Active Directory Domain Services (AD DS)
Active Directory Domain Services (AD DS) is a core feature in Windows Server operating systems that provides a variety of network services, including a directory service, to manage users, computers, and other resources within a domain-based network. It's the most commonly used directory service for Windows domains and is central to the Windows Server operating system's identity and access capabilities.
AD DS stores information about objects on the network and makes this information easy for administrators and users to find and use. Objects can include users, computers, printers, and shared folders. It allows network administrators to manage domain resources centrally, including creating and managing user accounts, assigning and enforcing security policies, and deploying programs to many computers simultaneously.
AD DS provides a mechanism for authenticating and authorizing all users and computers in a Windows domain network. It uses the Kerberos protocol for secure authentication. Administrators use Group Policy to implement specific configurations for users and computers within the domain. These policies are pushed down to each object within the domain.

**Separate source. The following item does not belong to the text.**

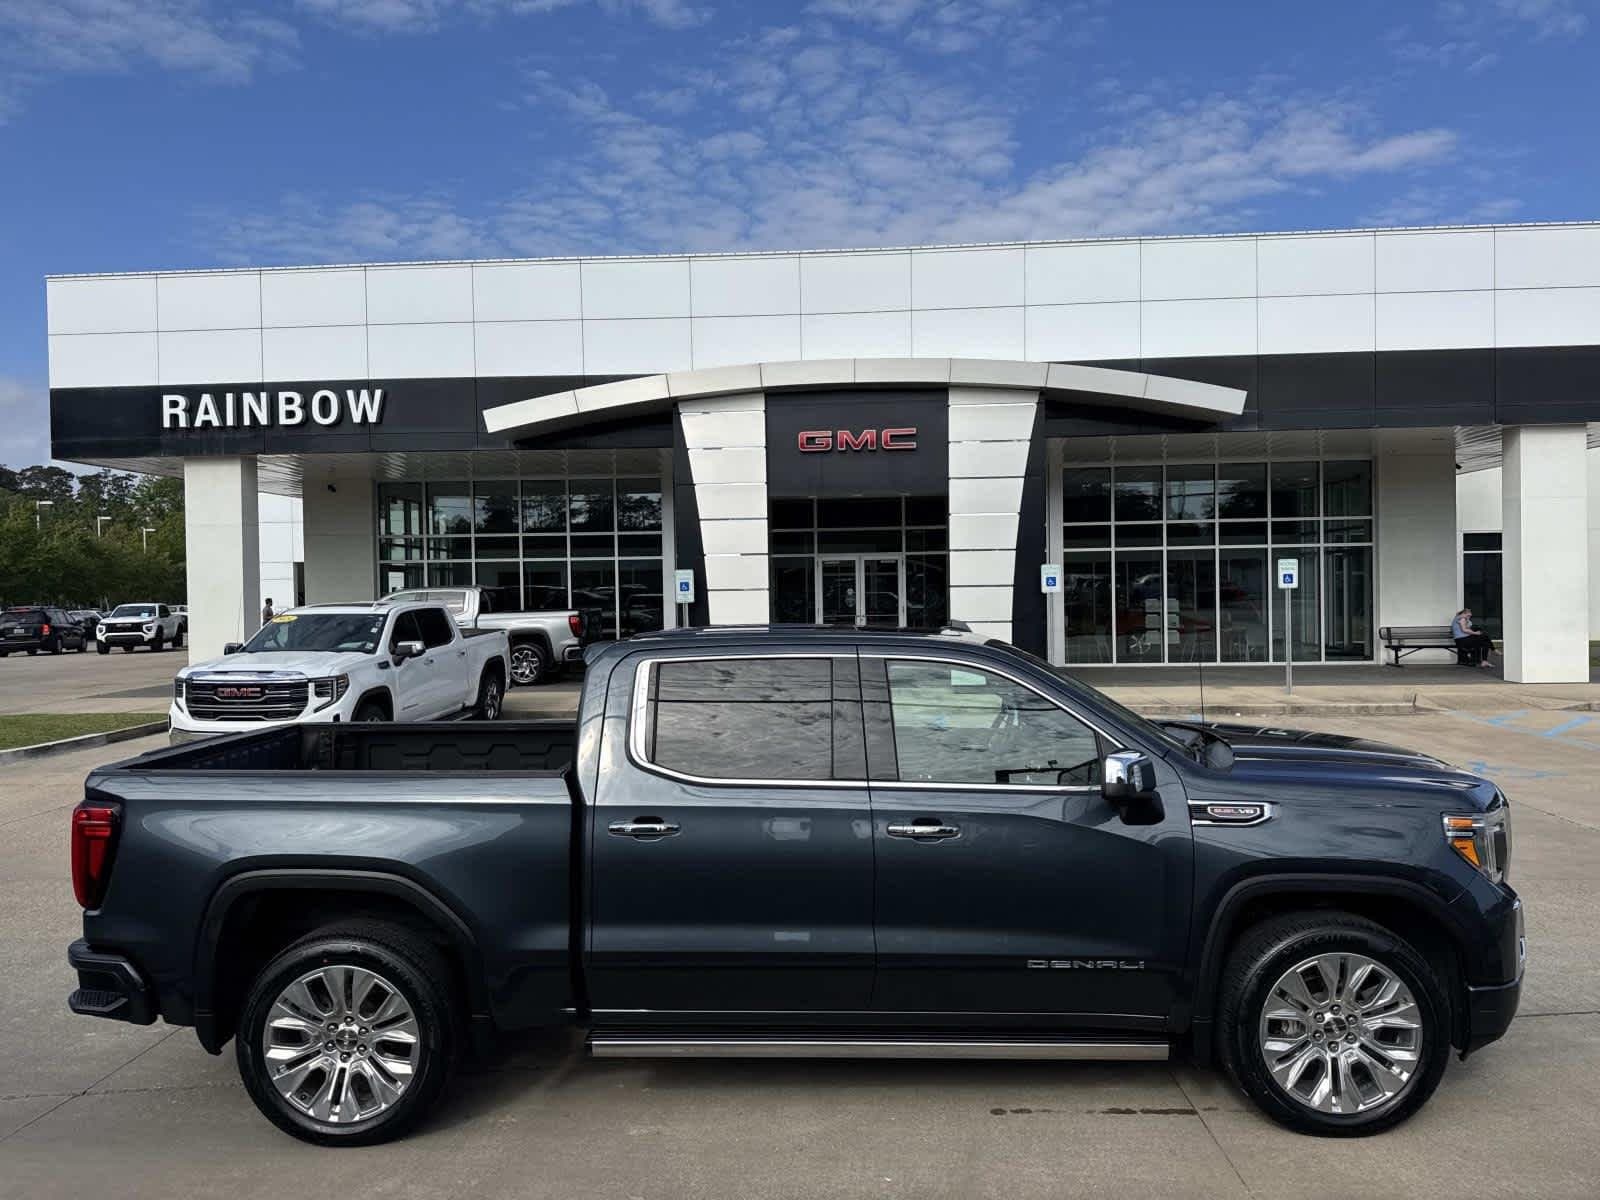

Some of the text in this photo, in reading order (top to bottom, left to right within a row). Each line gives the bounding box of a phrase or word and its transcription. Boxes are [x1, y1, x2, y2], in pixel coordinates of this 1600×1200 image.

[162, 389, 383, 428] RAINBOW
[798, 427, 917, 452] GMC
[216, 687, 262, 697] GMC
[1027, 959, 1145, 969] DENALI

OUs help organize objects within a domain and can be used to manage administrative tasks like delegation of permissions or application of group policies. The global catalog is a distributed data repository that contains information about every object within the Active Directory forest. It allows users and administrators to find directory information regardless of which domain in the forest actually contains the data.
AD DS supports LDAP, a protocol used to access and manage directory information.